Transpersonal experiences and values appear to be an intrinsic part of human nature. It is becoming evident that they can be studied objectively as a psychology of consciousness and human development. Transpersonal experiences are often interpreted as religious and can occur spontaneously or through meditation, prayer, experiencing natural beauty, sexuality, and other experiences. They include inspirational or peak experiences in which the universe is perceived as harmonious and unified. Opposites are transcended, and qualities of goodness, beauty, and meaning are experienced directly. They may give direct contact with what is described as the consciousness of God or the divine. (Hastings, 1991, p. 182)
Epistemic content of transpersonal experiences is important. Jorge N. Ferrer in his 2002 book, Revisioning Transpersonal Theory, points out that “What makes transpersonal phenomena distinctly ‘transpersonal’ (as well as interesting, provocative, and transforming) is not their nonordinary or occasional ecstatic character, but the character of the knowledge they provide during an expansion of individual consciousness” (Ferrer, 2002, p. 9). Arthur Hastings makes a similar point when he states:

Psychologist Abraham Maslow (1964) found that from such experiences, and with growth toward self-actualization, the person becomes motivated by higher values, which he called metavalues. Examples of these are wholeness, truth, beauty, aliveness, goodness, order, harmony, uniqueness, justice, and playfulness. Also, at these transpersonal levels of the self, one can experience primary energy qualities such as compassion, power, sexuality, intelligence, love, wisdom, and creation. Like the archetypes, these transpersonal principles and experiences are [experienced as] part of a larger reality of which the individual is a part. (Hastings, 1991, p. 182)

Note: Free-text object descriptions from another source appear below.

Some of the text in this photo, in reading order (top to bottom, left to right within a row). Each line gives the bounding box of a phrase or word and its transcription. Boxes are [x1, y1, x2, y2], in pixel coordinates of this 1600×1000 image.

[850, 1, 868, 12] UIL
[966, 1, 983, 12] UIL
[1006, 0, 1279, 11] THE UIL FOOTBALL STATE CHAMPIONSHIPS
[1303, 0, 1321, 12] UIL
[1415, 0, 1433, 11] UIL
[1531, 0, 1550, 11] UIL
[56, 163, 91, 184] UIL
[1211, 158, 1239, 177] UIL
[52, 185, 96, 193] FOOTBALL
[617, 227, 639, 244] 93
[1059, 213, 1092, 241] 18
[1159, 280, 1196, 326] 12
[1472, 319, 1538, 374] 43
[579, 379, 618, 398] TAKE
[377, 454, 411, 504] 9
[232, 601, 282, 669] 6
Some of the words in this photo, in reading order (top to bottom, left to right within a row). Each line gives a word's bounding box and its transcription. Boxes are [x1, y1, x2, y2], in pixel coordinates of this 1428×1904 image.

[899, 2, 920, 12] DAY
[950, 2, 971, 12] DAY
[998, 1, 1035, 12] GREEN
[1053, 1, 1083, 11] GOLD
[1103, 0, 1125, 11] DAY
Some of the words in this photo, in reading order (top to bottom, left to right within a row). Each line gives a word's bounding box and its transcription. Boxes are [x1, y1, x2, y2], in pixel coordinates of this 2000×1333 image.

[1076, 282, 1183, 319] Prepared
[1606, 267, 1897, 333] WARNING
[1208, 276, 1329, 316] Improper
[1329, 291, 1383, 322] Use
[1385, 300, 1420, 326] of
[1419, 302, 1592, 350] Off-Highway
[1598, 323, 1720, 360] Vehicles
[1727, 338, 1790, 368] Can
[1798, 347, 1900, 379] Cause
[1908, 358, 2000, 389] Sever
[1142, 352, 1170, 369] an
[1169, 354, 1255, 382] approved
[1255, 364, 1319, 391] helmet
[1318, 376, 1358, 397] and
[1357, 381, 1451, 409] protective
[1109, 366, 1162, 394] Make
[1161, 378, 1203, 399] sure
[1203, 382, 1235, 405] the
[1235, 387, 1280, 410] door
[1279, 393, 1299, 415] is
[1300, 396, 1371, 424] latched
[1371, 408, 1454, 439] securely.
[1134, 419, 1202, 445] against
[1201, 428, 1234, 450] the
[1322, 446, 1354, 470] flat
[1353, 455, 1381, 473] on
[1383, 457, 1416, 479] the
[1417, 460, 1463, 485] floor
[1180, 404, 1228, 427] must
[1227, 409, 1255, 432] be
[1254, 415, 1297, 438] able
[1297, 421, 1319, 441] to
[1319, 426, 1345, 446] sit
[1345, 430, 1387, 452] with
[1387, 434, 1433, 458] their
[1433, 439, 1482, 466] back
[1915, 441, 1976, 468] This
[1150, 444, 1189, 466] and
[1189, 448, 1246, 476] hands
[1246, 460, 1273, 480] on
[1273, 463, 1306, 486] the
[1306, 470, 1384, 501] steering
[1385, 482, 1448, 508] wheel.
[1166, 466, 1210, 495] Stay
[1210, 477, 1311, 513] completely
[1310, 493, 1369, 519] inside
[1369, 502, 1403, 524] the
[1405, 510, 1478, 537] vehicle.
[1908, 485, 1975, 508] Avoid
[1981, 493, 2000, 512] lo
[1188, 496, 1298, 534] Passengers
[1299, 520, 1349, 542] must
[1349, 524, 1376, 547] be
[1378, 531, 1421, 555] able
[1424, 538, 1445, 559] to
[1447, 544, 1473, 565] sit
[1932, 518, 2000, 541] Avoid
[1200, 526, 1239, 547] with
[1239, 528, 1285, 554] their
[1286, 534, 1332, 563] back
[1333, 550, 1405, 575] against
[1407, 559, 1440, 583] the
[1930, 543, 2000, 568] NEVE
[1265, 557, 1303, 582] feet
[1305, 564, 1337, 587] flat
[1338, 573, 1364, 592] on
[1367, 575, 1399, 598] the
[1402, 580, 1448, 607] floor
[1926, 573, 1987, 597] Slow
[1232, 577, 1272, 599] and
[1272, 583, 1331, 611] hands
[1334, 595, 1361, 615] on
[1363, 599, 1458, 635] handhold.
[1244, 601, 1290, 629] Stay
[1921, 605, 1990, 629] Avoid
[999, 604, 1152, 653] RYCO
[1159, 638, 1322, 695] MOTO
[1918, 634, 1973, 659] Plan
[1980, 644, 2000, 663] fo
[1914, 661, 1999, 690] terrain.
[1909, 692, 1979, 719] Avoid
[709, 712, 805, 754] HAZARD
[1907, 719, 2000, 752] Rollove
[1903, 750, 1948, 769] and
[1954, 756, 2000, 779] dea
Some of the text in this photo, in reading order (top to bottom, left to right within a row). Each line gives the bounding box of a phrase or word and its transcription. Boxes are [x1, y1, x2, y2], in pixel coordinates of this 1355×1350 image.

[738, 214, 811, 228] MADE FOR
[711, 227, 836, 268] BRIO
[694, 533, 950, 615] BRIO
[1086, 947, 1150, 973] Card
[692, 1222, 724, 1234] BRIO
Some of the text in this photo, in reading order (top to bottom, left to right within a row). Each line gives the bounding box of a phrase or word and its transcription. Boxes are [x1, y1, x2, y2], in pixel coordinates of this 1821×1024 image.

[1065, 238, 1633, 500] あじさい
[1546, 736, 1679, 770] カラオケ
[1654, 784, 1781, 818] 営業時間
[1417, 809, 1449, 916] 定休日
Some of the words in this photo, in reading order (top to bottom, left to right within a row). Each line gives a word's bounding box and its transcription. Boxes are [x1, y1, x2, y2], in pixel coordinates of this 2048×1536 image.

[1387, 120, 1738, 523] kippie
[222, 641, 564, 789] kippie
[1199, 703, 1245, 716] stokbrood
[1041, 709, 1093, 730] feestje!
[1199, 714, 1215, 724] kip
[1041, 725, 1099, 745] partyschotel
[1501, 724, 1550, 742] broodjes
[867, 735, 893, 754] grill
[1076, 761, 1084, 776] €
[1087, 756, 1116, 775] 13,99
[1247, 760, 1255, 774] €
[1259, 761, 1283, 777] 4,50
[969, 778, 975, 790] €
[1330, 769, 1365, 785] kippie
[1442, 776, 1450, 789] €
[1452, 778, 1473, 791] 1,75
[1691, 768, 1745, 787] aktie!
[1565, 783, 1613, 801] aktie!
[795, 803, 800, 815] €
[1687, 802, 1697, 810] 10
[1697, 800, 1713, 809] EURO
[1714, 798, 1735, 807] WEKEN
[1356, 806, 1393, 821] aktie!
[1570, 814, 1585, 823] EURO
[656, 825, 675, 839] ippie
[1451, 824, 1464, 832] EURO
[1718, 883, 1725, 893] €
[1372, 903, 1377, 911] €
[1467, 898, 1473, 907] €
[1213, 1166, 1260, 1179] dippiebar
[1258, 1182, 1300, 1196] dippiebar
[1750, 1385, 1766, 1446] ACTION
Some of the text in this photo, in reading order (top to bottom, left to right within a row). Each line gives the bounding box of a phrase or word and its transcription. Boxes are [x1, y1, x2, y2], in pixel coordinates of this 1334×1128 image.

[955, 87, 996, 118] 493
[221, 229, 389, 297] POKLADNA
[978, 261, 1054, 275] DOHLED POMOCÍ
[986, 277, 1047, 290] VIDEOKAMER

Various Meanings of Transcendence



Transpersonal experiences involve a transcendence of body, self, world, time, and others. Abraham H. Maslow, co-founder of modern transpersonal psychology, identified 35 overlapping meanings of the word “transcendence” when talking about the “Psychology of Being,” or what later came to be called “Transpersonal Psychology” (Maslow, 1969b, pp. 56-66; Maslow, 1971, chapter 21). These meanings are presented in Figure 1-4.

Figure 1-4. Various Meanings of Transcendence

“Transcendence,” in these terms, includes both an expansion or opening up and a exceeding or going beyond what is ordinarily given or presented in one’s usual experience of body, self, time, world, and others. Each of Maslow’s definitions of transcendence reflects a particular personality characteristic of “transcending self-actualizers” who provided the empirical basis for his “Theory Z” and who suggested to him the possibility of a psychology “beyond self-actualization” (Maslow, 1971, chap. 22). Maslow (1971) summarized his list of 32 overlapping definitions with a “condensed” definition of transcendence:


Transcendence refers to the very highest and most inclusive or holistic levels of human consciousness, behaving and relating, as ends rather than as means, to oneself, to significant others, to human beings in general, to other species, to nature, and to the cosmos. (Maslow, 1971, p. 279)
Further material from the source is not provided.